(Stored data entries)
######

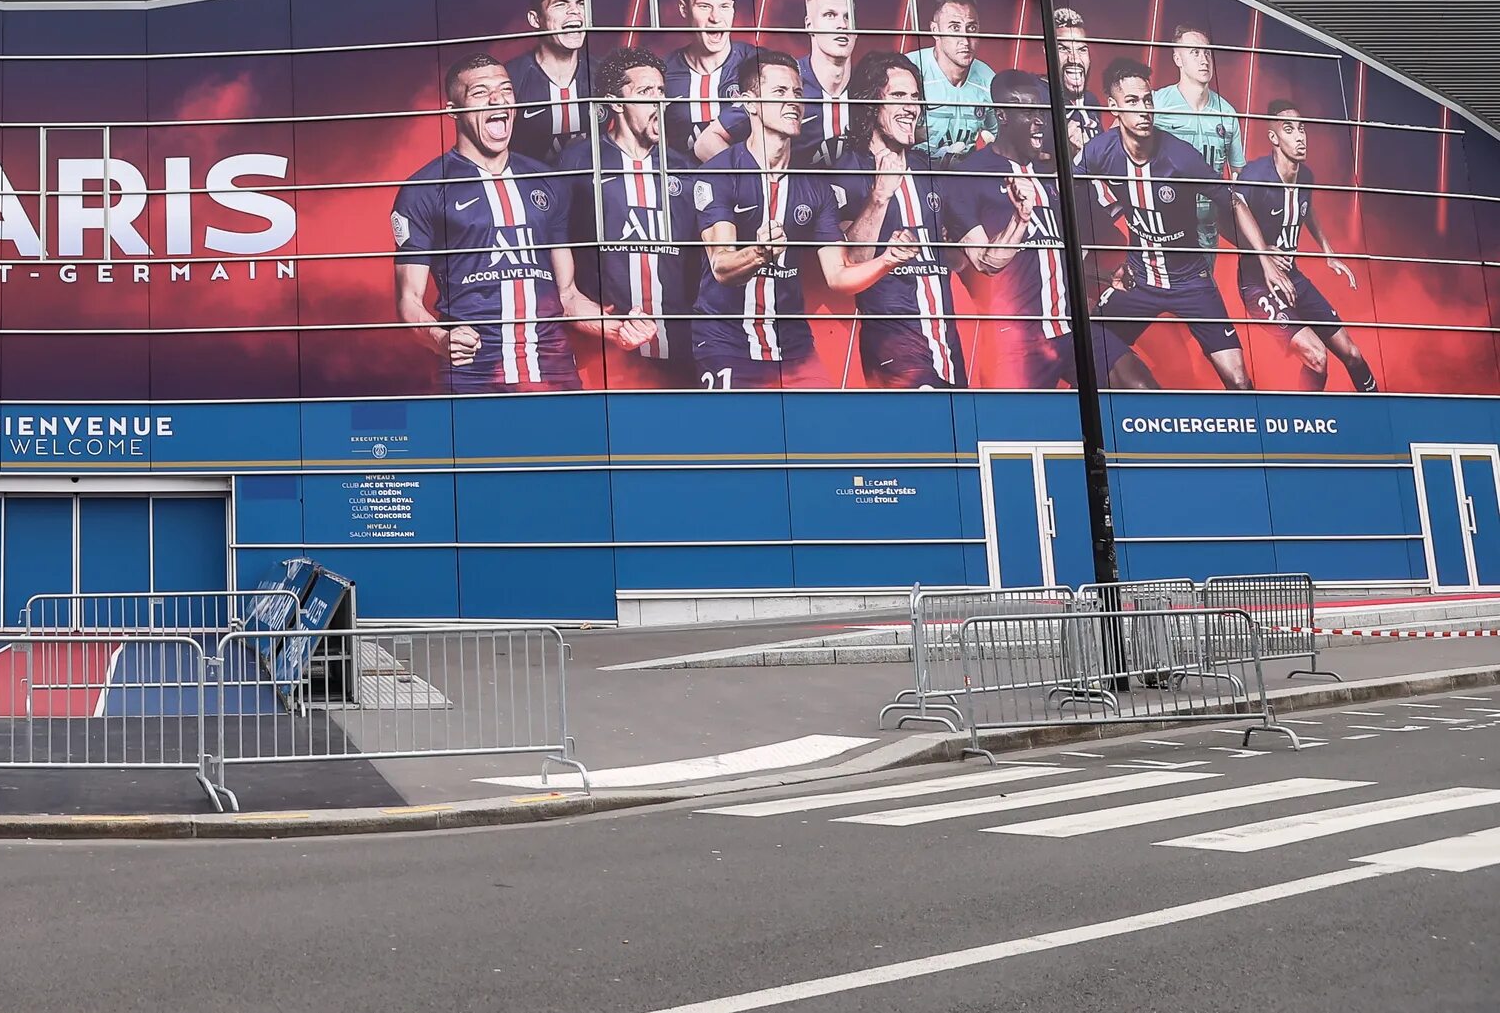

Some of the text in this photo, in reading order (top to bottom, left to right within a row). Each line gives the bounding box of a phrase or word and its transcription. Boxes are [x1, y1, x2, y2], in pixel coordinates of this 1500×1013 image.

[1153, 231, 1185, 242] LIMITLESS
[461, 271, 500, 284] ACCOR
[501, 269, 524, 279] LIVE
[701, 367, 732, 389] 21
[1122, 418, 1338, 434] CONCIERGERIE DU PARC
[10, 439, 143, 455] WELCOME
[874, 478, 898, 486] CARRÉ
[854, 487, 916, 495] CHAMPS-ÉLYSÉES
[874, 495, 898, 503] ÉTOILE
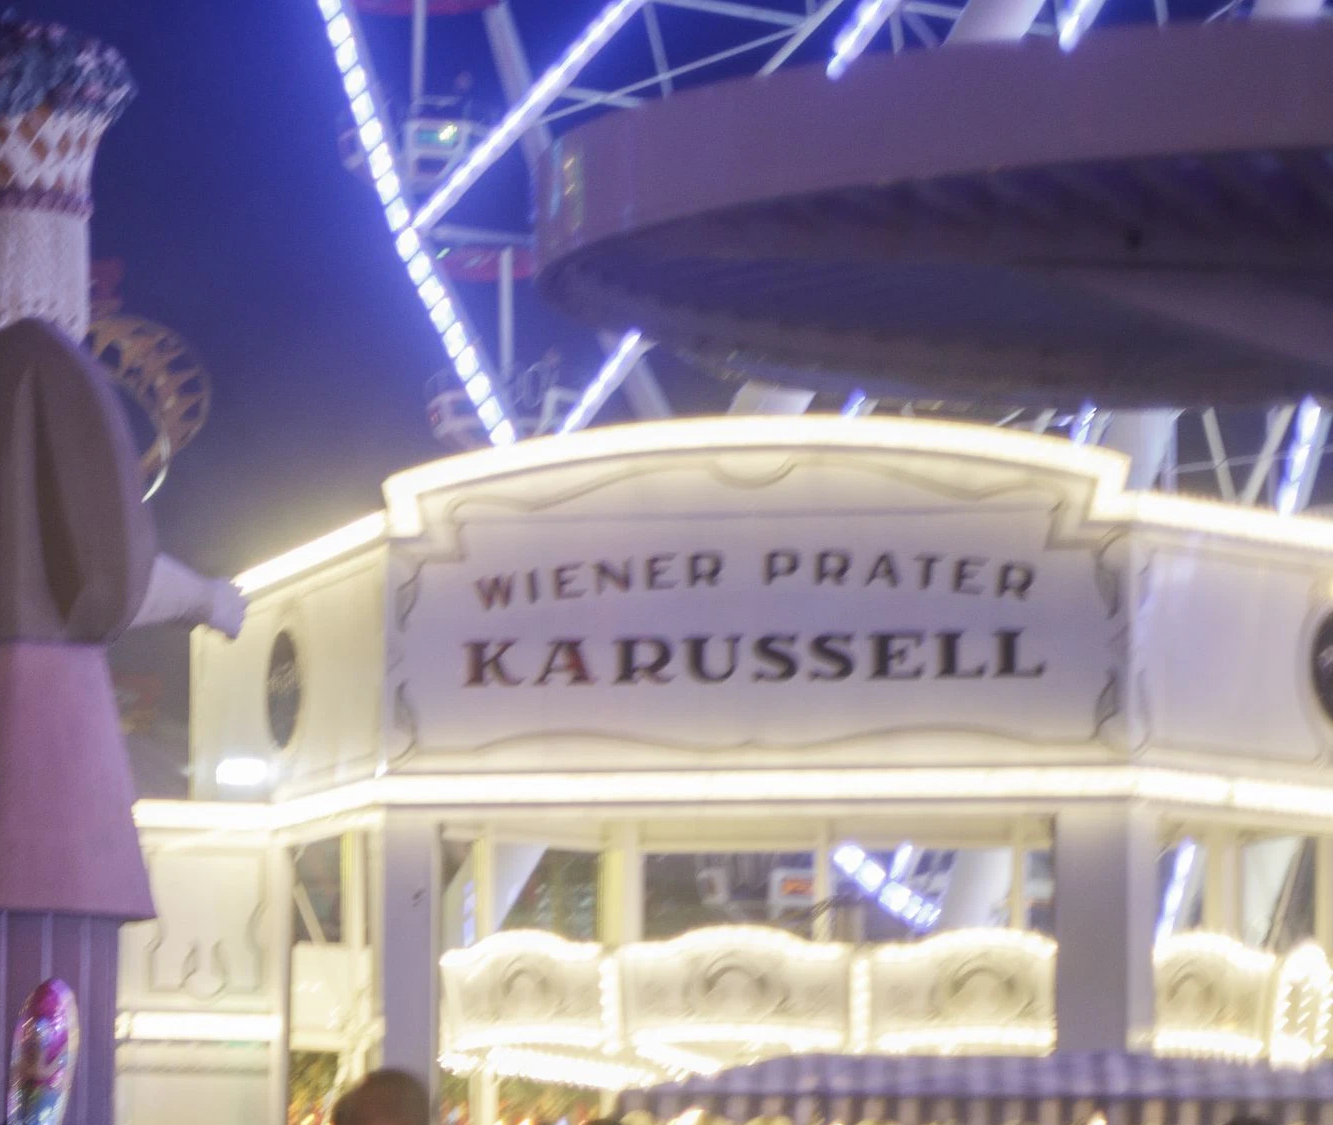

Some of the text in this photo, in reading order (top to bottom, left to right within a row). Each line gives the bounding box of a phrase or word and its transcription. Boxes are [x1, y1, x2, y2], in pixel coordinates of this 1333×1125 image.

[474, 549, 1037, 610] WIENER PRATER
[462, 629, 1046, 687] KARUSSELL

######

About this task: Please set down the records above verbatim, with each picture left out.

Solution for this problem:
Some of the text in this photo, in reading order (top to bottom, left to right within a row). Each line gives the bounding box of a phrase or word and its transcription. Boxes are [x1, y1, x2, y2], in pixel coordinates of this 1500×1013 image.

[1153, 231, 1185, 242] LIMITLESS
[461, 271, 500, 284] ACCOR
[501, 269, 524, 279] LIVE
[701, 367, 732, 389] 21
[1122, 418, 1338, 434] CONCIERGERIE DU PARC
[10, 439, 143, 455] WELCOME
[874, 478, 898, 486] CARRÉ
[854, 487, 916, 495] CHAMPS-ÉLYSÉES
[874, 495, 898, 503] ÉTOILE

Some of the text in this photo, in reading order (top to bottom, left to right within a row). Each line gives the bounding box of a phrase or word and its transcription. Boxes are [x1, y1, x2, y2], in pixel coordinates of this 1333×1125 image.

[474, 549, 1037, 610] WIENER PRATER
[462, 629, 1046, 687] KARUSSELL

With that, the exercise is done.